*Your assignment:*
Repeat each entry below exactly as it stands.

*Listed records:*

________________________

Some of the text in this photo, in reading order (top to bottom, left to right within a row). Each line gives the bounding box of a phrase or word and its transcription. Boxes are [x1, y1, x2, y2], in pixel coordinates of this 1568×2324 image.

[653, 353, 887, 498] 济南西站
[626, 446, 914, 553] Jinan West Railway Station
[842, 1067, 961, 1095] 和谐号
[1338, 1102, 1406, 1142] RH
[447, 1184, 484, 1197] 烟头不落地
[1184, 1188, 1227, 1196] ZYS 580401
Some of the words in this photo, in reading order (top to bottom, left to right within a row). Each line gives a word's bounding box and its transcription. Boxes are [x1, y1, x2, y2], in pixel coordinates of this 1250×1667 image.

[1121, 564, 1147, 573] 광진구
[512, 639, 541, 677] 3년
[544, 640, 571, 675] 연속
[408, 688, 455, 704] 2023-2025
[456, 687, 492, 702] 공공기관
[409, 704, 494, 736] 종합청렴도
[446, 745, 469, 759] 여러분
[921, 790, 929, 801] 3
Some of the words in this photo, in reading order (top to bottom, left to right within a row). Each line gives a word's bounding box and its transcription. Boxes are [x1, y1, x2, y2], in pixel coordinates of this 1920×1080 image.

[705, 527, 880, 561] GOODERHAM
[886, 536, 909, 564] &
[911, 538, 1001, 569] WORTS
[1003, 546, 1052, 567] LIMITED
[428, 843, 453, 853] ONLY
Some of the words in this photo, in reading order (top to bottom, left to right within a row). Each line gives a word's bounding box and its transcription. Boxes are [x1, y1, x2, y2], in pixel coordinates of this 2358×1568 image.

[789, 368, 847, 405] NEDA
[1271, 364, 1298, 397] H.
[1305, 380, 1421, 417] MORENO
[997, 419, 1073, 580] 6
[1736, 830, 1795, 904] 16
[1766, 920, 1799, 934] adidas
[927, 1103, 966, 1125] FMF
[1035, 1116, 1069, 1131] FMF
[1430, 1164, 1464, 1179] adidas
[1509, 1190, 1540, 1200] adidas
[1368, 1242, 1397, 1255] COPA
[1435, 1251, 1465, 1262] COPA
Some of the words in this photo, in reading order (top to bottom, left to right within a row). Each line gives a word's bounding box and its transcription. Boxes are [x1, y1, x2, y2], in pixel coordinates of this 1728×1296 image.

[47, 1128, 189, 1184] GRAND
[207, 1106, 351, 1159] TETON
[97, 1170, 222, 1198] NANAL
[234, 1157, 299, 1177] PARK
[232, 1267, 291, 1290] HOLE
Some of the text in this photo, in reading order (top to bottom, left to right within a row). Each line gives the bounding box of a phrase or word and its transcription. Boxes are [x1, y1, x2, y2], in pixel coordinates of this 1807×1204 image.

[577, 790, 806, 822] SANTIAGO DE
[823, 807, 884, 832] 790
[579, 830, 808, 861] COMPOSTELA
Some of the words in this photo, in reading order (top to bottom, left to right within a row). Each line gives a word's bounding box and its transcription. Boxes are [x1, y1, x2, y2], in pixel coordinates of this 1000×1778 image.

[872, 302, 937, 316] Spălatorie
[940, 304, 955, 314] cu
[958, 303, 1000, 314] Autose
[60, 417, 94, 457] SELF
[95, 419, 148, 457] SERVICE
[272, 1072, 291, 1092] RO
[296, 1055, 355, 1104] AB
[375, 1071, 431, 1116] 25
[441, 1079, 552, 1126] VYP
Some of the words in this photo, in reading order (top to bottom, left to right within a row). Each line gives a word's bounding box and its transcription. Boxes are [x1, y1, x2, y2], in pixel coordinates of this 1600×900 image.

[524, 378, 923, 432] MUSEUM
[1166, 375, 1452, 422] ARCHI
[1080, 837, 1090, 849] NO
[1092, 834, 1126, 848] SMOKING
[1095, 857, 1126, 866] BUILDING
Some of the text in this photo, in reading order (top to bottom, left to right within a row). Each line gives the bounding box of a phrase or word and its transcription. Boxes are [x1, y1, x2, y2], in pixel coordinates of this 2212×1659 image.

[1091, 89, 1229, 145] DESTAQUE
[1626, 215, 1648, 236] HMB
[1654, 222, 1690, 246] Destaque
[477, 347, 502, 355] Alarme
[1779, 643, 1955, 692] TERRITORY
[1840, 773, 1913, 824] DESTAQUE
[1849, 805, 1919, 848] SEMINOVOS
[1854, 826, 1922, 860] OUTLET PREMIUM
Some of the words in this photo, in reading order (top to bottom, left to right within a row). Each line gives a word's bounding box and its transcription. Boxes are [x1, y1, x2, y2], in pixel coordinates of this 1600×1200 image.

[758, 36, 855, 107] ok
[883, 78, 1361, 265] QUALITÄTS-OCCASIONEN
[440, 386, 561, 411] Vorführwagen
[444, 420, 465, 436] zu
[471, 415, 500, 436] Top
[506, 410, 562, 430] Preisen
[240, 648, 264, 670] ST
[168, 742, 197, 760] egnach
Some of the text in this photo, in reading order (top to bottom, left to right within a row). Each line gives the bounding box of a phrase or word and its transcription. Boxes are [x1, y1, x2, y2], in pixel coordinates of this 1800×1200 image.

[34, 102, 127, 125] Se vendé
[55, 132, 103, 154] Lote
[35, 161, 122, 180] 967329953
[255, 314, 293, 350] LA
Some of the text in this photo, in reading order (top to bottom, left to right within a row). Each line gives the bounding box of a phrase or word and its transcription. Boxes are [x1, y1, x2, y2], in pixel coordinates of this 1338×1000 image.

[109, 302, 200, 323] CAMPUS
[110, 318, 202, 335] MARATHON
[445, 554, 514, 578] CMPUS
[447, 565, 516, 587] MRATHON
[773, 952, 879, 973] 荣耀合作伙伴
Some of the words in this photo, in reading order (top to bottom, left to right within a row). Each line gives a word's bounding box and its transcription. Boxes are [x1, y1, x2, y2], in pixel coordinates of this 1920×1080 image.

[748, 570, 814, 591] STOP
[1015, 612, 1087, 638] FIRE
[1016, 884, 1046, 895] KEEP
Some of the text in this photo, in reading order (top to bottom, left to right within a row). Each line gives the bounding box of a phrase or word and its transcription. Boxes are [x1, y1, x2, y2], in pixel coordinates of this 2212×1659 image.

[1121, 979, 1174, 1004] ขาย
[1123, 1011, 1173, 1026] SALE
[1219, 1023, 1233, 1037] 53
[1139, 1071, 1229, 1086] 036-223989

________________________

*Expected answer:*
Some of the text in this photo, in reading order (top to bottom, left to right within a row). Each line gives the bounding box of a phrase or word and its transcription. Boxes are [x1, y1, x2, y2], in pixel coordinates of this 1568×2324 image.

[653, 353, 887, 498] 济南西站
[626, 446, 914, 553] Jinan West Railway Station
[842, 1067, 961, 1095] 和谐号
[1338, 1102, 1406, 1142] RH
[447, 1184, 484, 1197] 烟头不落地
[1184, 1188, 1227, 1196] ZYS 580401
Some of the words in this photo, in reading order (top to bottom, left to right within a row). Each line gives a word's bounding box and its transcription. Boxes are [x1, y1, x2, y2], in pixel coordinates of this 1250×1667 image.

[1121, 564, 1147, 573] 광진구
[512, 639, 541, 677] 3년
[544, 640, 571, 675] 연속
[408, 688, 455, 704] 2023-2025
[456, 687, 492, 702] 공공기관
[409, 704, 494, 736] 종합청렴도
[446, 745, 469, 759] 여러분
[921, 790, 929, 801] 3
Some of the words in this photo, in reading order (top to bottom, left to right within a row). Each line gives a word's bounding box and its transcription. Boxes are [x1, y1, x2, y2], in pixel coordinates of this 1920×1080 image.

[705, 527, 880, 561] GOODERHAM
[886, 536, 909, 564] &
[911, 538, 1001, 569] WORTS
[1003, 546, 1052, 567] LIMITED
[428, 843, 453, 853] ONLY
Some of the words in this photo, in reading order (top to bottom, left to right within a row). Each line gives a word's bounding box and its transcription. Boxes are [x1, y1, x2, y2], in pixel coordinates of this 2358×1568 image.

[789, 368, 847, 405] NEDA
[1271, 364, 1298, 397] H.
[1305, 380, 1421, 417] MORENO
[997, 419, 1073, 580] 6
[1736, 830, 1795, 904] 16
[1766, 920, 1799, 934] adidas
[927, 1103, 966, 1125] FMF
[1035, 1116, 1069, 1131] FMF
[1430, 1164, 1464, 1179] adidas
[1509, 1190, 1540, 1200] adidas
[1368, 1242, 1397, 1255] COPA
[1435, 1251, 1465, 1262] COPA
Some of the words in this photo, in reading order (top to bottom, left to right within a row). Each line gives a word's bounding box and its transcription. Boxes are [x1, y1, x2, y2], in pixel coordinates of this 1728×1296 image.

[47, 1128, 189, 1184] GRAND
[207, 1106, 351, 1159] TETON
[97, 1170, 222, 1198] NANAL
[234, 1157, 299, 1177] PARK
[232, 1267, 291, 1290] HOLE
Some of the text in this photo, in reading order (top to bottom, left to right within a row). Each line gives the bounding box of a phrase or word and its transcription. Boxes are [x1, y1, x2, y2], in pixel coordinates of this 1807×1204 image.

[577, 790, 806, 822] SANTIAGO DE
[823, 807, 884, 832] 790
[579, 830, 808, 861] COMPOSTELA
Some of the words in this photo, in reading order (top to bottom, left to right within a row). Each line gives a word's bounding box and its transcription. Boxes are [x1, y1, x2, y2], in pixel coordinates of this 1000×1778 image.

[872, 302, 937, 316] Spălatorie
[940, 304, 955, 314] cu
[958, 303, 1000, 314] Autose
[60, 417, 94, 457] SELF
[95, 419, 148, 457] SERVICE
[272, 1072, 291, 1092] RO
[296, 1055, 355, 1104] AB
[375, 1071, 431, 1116] 25
[441, 1079, 552, 1126] VYP
Some of the words in this photo, in reading order (top to bottom, left to right within a row). Each line gives a word's bounding box and its transcription. Boxes are [x1, y1, x2, y2], in pixel coordinates of this 1600×900 image.

[524, 378, 923, 432] MUSEUM
[1166, 375, 1452, 422] ARCHI
[1080, 837, 1090, 849] NO
[1092, 834, 1126, 848] SMOKING
[1095, 857, 1126, 866] BUILDING
Some of the text in this photo, in reading order (top to bottom, left to right within a row). Each line gives the bounding box of a phrase or word and its transcription. Boxes are [x1, y1, x2, y2], in pixel coordinates of this 2212×1659 image.

[1091, 89, 1229, 145] DESTAQUE
[1626, 215, 1648, 236] HMB
[1654, 222, 1690, 246] Destaque
[477, 347, 502, 355] Alarme
[1779, 643, 1955, 692] TERRITORY
[1840, 773, 1913, 824] DESTAQUE
[1849, 805, 1919, 848] SEMINOVOS
[1854, 826, 1922, 860] OUTLET PREMIUM
Some of the words in this photo, in reading order (top to bottom, left to right within a row). Each line gives a word's bounding box and its transcription. Boxes are [x1, y1, x2, y2], in pixel coordinates of this 1600×1200 image.

[758, 36, 855, 107] ok
[883, 78, 1361, 265] QUALITÄTS-OCCASIONEN
[440, 386, 561, 411] Vorführwagen
[444, 420, 465, 436] zu
[471, 415, 500, 436] Top
[506, 410, 562, 430] Preisen
[240, 648, 264, 670] ST
[168, 742, 197, 760] egnach
Some of the text in this photo, in reading order (top to bottom, left to right within a row). Each line gives the bounding box of a phrase or word and its transcription. Boxes are [x1, y1, x2, y2], in pixel coordinates of this 1800×1200 image.

[34, 102, 127, 125] Se vendé
[55, 132, 103, 154] Lote
[35, 161, 122, 180] 967329953
[255, 314, 293, 350] LA
Some of the text in this photo, in reading order (top to bottom, left to right within a row). Each line gives the bounding box of a phrase or word and its transcription. Boxes are [x1, y1, x2, y2], in pixel coordinates of this 1338×1000 image.

[109, 302, 200, 323] CAMPUS
[110, 318, 202, 335] MARATHON
[445, 554, 514, 578] CMPUS
[447, 565, 516, 587] MRATHON
[773, 952, 879, 973] 荣耀合作伙伴
Some of the words in this photo, in reading order (top to bottom, left to right within a row). Each line gives a word's bounding box and its transcription. Boxes are [x1, y1, x2, y2], in pixel coordinates of this 1920×1080 image.

[748, 570, 814, 591] STOP
[1015, 612, 1087, 638] FIRE
[1016, 884, 1046, 895] KEEP
Some of the text in this photo, in reading order (top to bottom, left to right within a row). Each line gives the bounding box of a phrase or word and its transcription. Boxes are [x1, y1, x2, y2], in pixel coordinates of this 2212×1659 image.

[1121, 979, 1174, 1004] ขาย
[1123, 1011, 1173, 1026] SALE
[1219, 1023, 1233, 1037] 53
[1139, 1071, 1229, 1086] 036-223989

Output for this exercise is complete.